Chemistry

OpenMS has representations for various chemical concepts including molecular formulas, isotopes, ribonucleotide and amino acid sequences as well as common modifications of amino acids or ribonucleotides.

Constants

OpenMS has many chemical and physical constants built in:

>>> import pyopenms
>>> help(pyopenms.Constants)
>>> print ("Avogadro's number is", pyopenms.Constants.AVOGADRO)

which provides access to constants such as Avogadro’s number or the electron mass.

Elements

In OpenMS, elements are stored in ElementDB which has entries for dozens of elements commonly used in mass spectrometry. The database is stored in the pyopenms/share/OpenMS/CHEMISTRY/Elements.xml file (where a user can add new elements if necessary).

from pyopenms import *

edb = ElementDB()

edb.hasElement("O")
edb.hasElement("S")

oxygen = edb.getElement("O")
print(oxygen.getName())
print(oxygen.getSymbol())
print(oxygen.getMonoWeight())
print(oxygen.getAverageWeight())

sulfur = edb.getElement("S")
print(sulfur.getName())
print(sulfur.getSymbol())
print(sulfur.getMonoWeight())
print(sulfur.getAverageWeight())
isotopes = sulfur.getIsotopeDistribution()

print ("One mole of oxygen weighs", 2*oxygen.getAverageWeight(), "grams")
print ("One mole of 16O2 weighs", 2*oxygen.getMonoWeight(), "grams")

As we can see, the OpenMS ElementDB has entries for common elements like Oxygen and Sulfur as well as information on their average and monoisotopic weight. Note that the monoisotopic weight is the weight of the most abundant isotope while the average weight is the sum across all isotopes, weighted by their natural abundance. Therefore, one mole of oxygen (O2) weighs slightly more than a mole of only its monoisotopic isotope since natural oxygen is a mixture of multiple isotopes.

Oxygen
O
15.994915
15.999405323160001
Sulfur
S
31.97207073
32.066084735289
One mole of oxygen weighs 31.998810646320003 grams
One mole of 16O2 weighs 31.98983 grams

Isotopes

We can also inspect the full isotopic distribution of oxygen and sulfur:

from pyopenms import *
edb = ElementDB()

oxygen = edb.getElement("O")
isotopes = oxygen.getIsotopeDistribution()
for iso in isotopes.getContainer():
    print ("Oxygen isotope", iso.getMZ(), "has abundance", iso.getIntensity()*100, "%")

sulfur = edb.getElement("S")
isotopes = sulfur.getIsotopeDistribution()
for iso in isotopes.getContainer():
    print ("Sulfur isotope", iso.getMZ(), "has abundance", iso.getIntensity()*100, "%")

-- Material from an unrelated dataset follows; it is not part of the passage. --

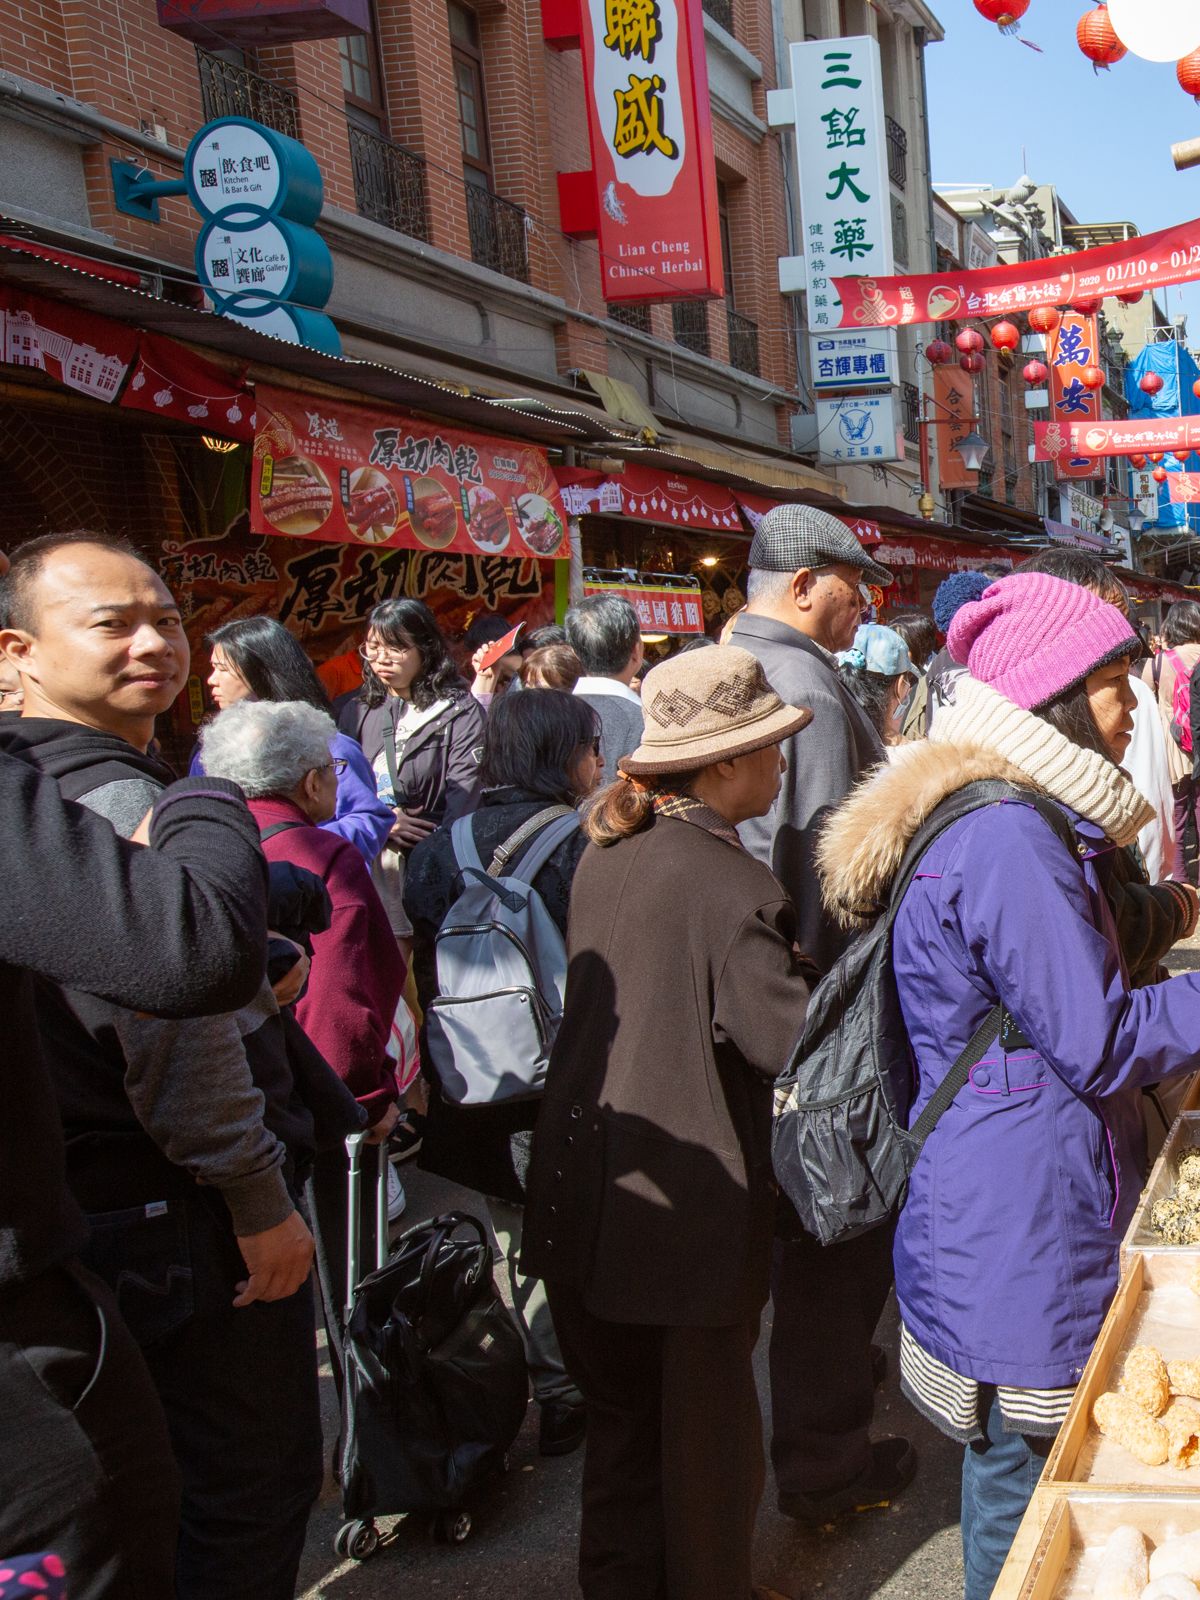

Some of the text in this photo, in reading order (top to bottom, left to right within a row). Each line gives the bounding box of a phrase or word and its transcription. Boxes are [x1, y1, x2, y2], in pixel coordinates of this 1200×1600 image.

OpenMS can compute isotopic distributions for individual elements which contain information for all stable elements. The current values in the file are average abundances found in nature, which may differ depending on location. The above code outputs the isotopes of oxygen and sulfur as well as their abundance:

Oxygen isotope 15.994915 has abundance 99.75699782371521 %
Oxygen isotope 16.999132 has abundance 0.03800000122282654 %
Oxygen isotope 17.999169 has abundance 0.20500000100582838 %

Sulfur isotope 31.97207073 has abundance 94.92999911308289 %
Sulfur isotope 32.971458 has abundance 0.7600000128149986 %
Sulfur isotope 33.967867 has abundance 4.2899999767541885 %
Sulfur isotope 35.967081 has abundance 0.019999999494757503 %

Mass Defect

Note

While all isotopes are created by adding one or more neutrons to the nucleus, this leads to different observed masses due to the mass defect, which describes the difference between the mass of an atom and the mass of its constituent particles. For example, the mass difference between 12C and 13C is slightly different than the mass difference between 14N and 15N, even though both only differ by a neutron from their monoisotopic element:

from pyopenms import *
edb = ElementDB()
isotopes = edb.getElement("C").getIsotopeDistribution().getContainer()
carbon_isotope_difference = isotopes[1].getMZ() - isotopes[0].getMZ()
isotopes = edb.getElement("N").getIsotopeDistribution().getContainer()
nitrogen_isotope_difference = isotopes[1].getMZ() - isotopes[0].getMZ()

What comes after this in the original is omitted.